Every record below should be repeated exactly, with the pictures left out.

### Input data ###

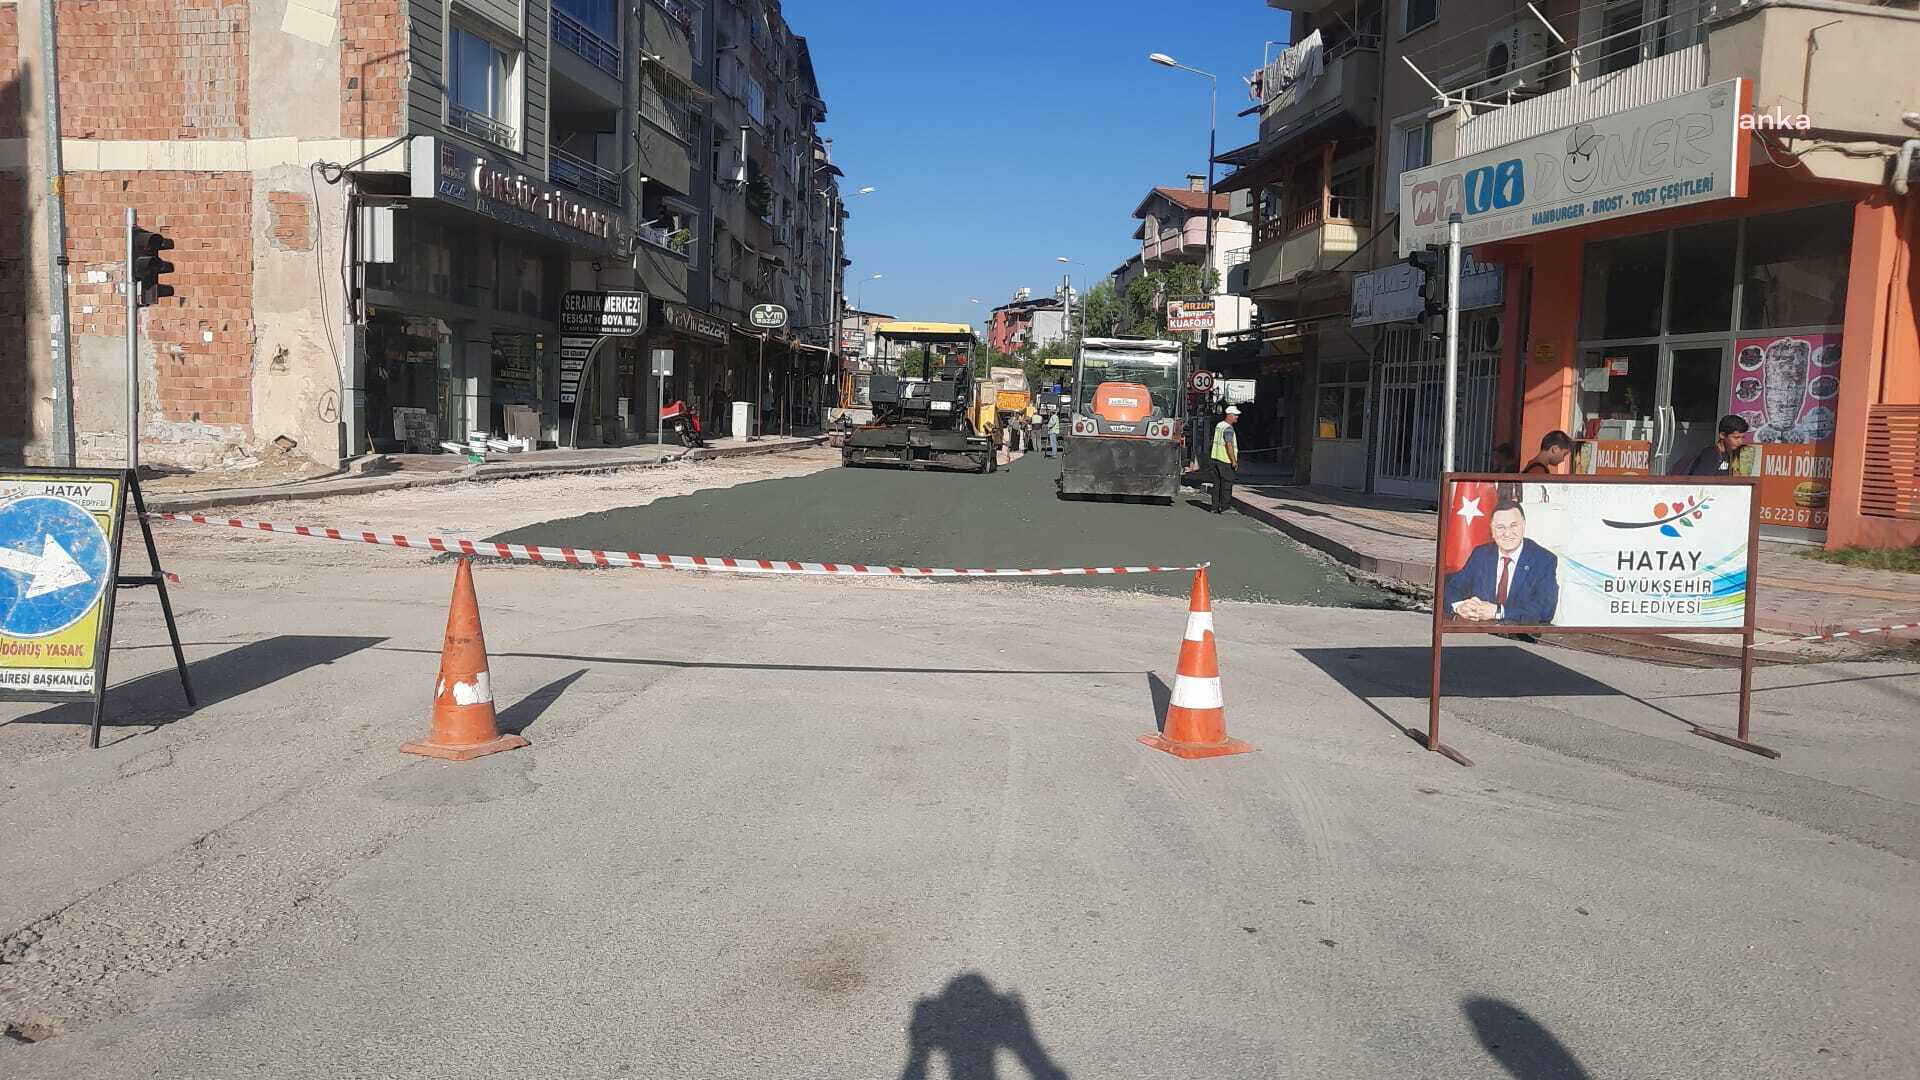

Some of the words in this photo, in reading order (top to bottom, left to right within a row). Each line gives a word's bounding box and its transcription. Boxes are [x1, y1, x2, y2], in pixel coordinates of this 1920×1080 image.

[1531, 203, 1585, 226] HAMBURGER
[1592, 194, 1623, 215] BROST
[1632, 188, 1657, 206] TOST
[1660, 172, 1714, 205] ÇEŞİTLERİ
[604, 295, 640, 313] MERKEZİ
[602, 314, 623, 326] BOYA
[1195, 376, 1211, 387] 30
[1597, 445, 1618, 468] MALİ
[1620, 444, 1649, 469] DÖNER
[1765, 449, 1792, 477] MALİ
[1794, 450, 1833, 479] DÖNER
[45, 485, 92, 497] HATAY
[1760, 506, 1772, 519] 26
[1775, 507, 1795, 521] 223
[1797, 509, 1811, 522] 67
[1814, 511, 1829, 524] 67
[1617, 550, 1702, 571] HATAY
[1604, 577, 1712, 596] BÜYÜKŞEHİR
[1610, 598, 1701, 614] BELEDİYESİ
[2, 641, 41, 658] DÖNÜŞ
[46, 643, 84, 657] YASAK
[0, 671, 31, 686] AİRESİ
[33, 672, 94, 688] BAŞKANLIĞI
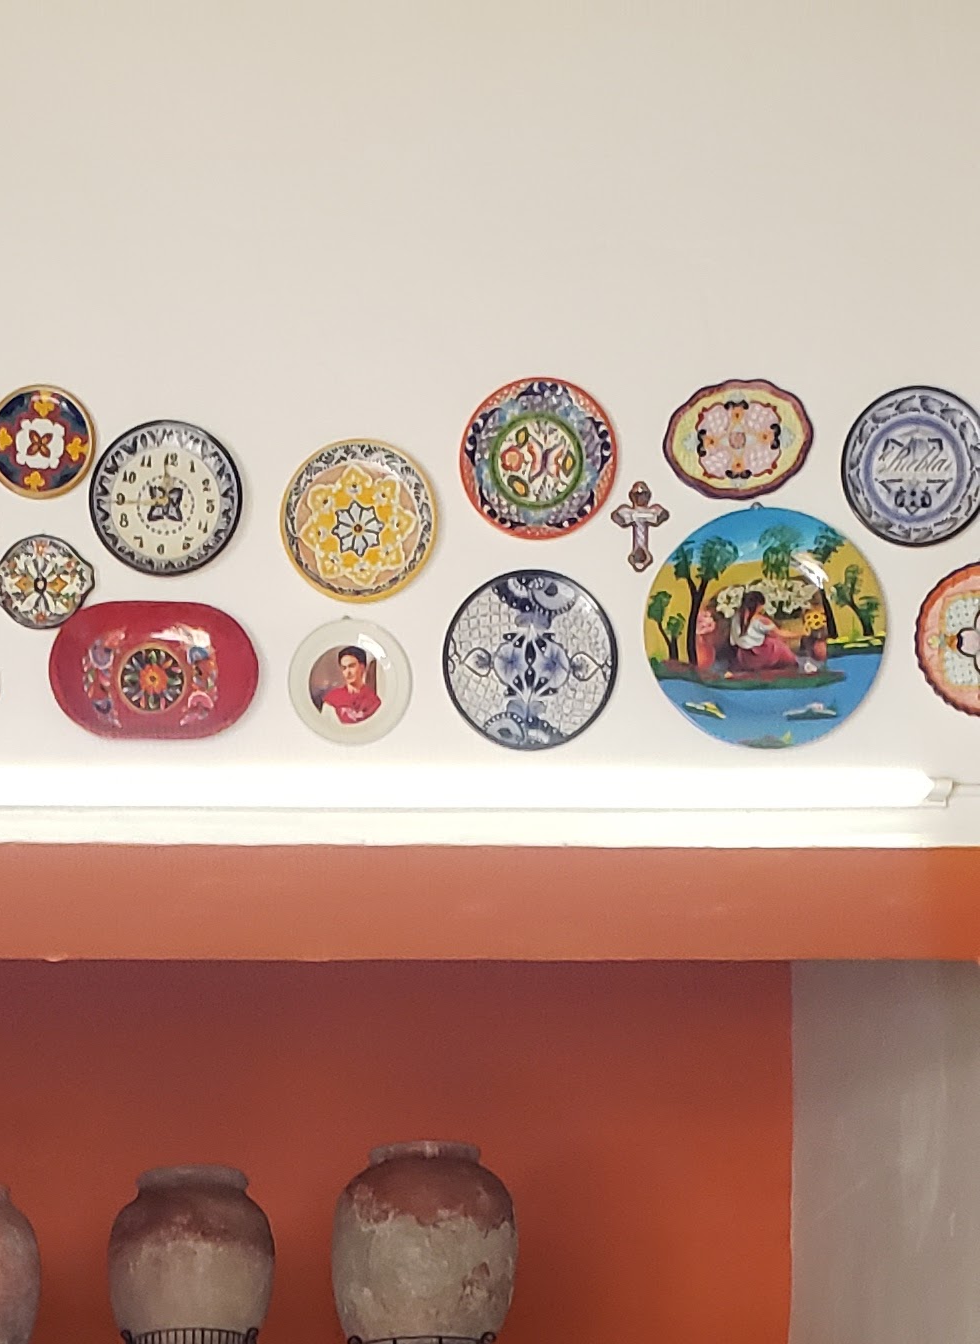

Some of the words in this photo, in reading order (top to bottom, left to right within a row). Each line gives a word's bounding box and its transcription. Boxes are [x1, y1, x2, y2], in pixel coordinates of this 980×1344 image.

[141, 455, 151, 468] 11
[164, 453, 178, 467] 12
[879, 445, 952, 472] Puebla
[189, 460, 195, 473] 1
[123, 470, 136, 484] 10
[202, 478, 211, 492] 2
[116, 493, 125, 506] 9
[206, 499, 215, 514] 3
[120, 513, 128, 528] 8
[198, 519, 208, 533] 4
[134, 536, 143, 548] 7
[182, 536, 194, 550] 5
[157, 544, 164, 555] 6

###

■ Output for this task
Some of the words in this photo, in reading order (top to bottom, left to right within a row). Each line gives a word's bounding box and its transcription. Boxes are [x1, y1, x2, y2], in pixel coordinates of this 1920×1080 image.

[1531, 203, 1585, 226] HAMBURGER
[1592, 194, 1623, 215] BROST
[1632, 188, 1657, 206] TOST
[1660, 172, 1714, 205] ÇEŞİTLERİ
[604, 295, 640, 313] MERKEZİ
[602, 314, 623, 326] BOYA
[1195, 376, 1211, 387] 30
[1597, 445, 1618, 468] MALİ
[1620, 444, 1649, 469] DÖNER
[1765, 449, 1792, 477] MALİ
[1794, 450, 1833, 479] DÖNER
[45, 485, 92, 497] HATAY
[1760, 506, 1772, 519] 26
[1775, 507, 1795, 521] 223
[1797, 509, 1811, 522] 67
[1814, 511, 1829, 524] 67
[1617, 550, 1702, 571] HATAY
[1604, 577, 1712, 596] BÜYÜKŞEHİR
[1610, 598, 1701, 614] BELEDİYESİ
[2, 641, 41, 658] DÖNÜŞ
[46, 643, 84, 657] YASAK
[0, 671, 31, 686] AİRESİ
[33, 672, 94, 688] BAŞKANLIĞI

Some of the words in this photo, in reading order (top to bottom, left to right within a row). Each line gives a word's bounding box and its transcription. Boxes are [x1, y1, x2, y2], in pixel coordinates of this 980×1344 image.

[141, 455, 151, 468] 11
[164, 453, 178, 467] 12
[879, 445, 952, 472] Puebla
[189, 460, 195, 473] 1
[123, 470, 136, 484] 10
[202, 478, 211, 492] 2
[116, 493, 125, 506] 9
[206, 499, 215, 514] 3
[120, 513, 128, 528] 8
[198, 519, 208, 533] 4
[134, 536, 143, 548] 7
[182, 536, 194, 550] 5
[157, 544, 164, 555] 6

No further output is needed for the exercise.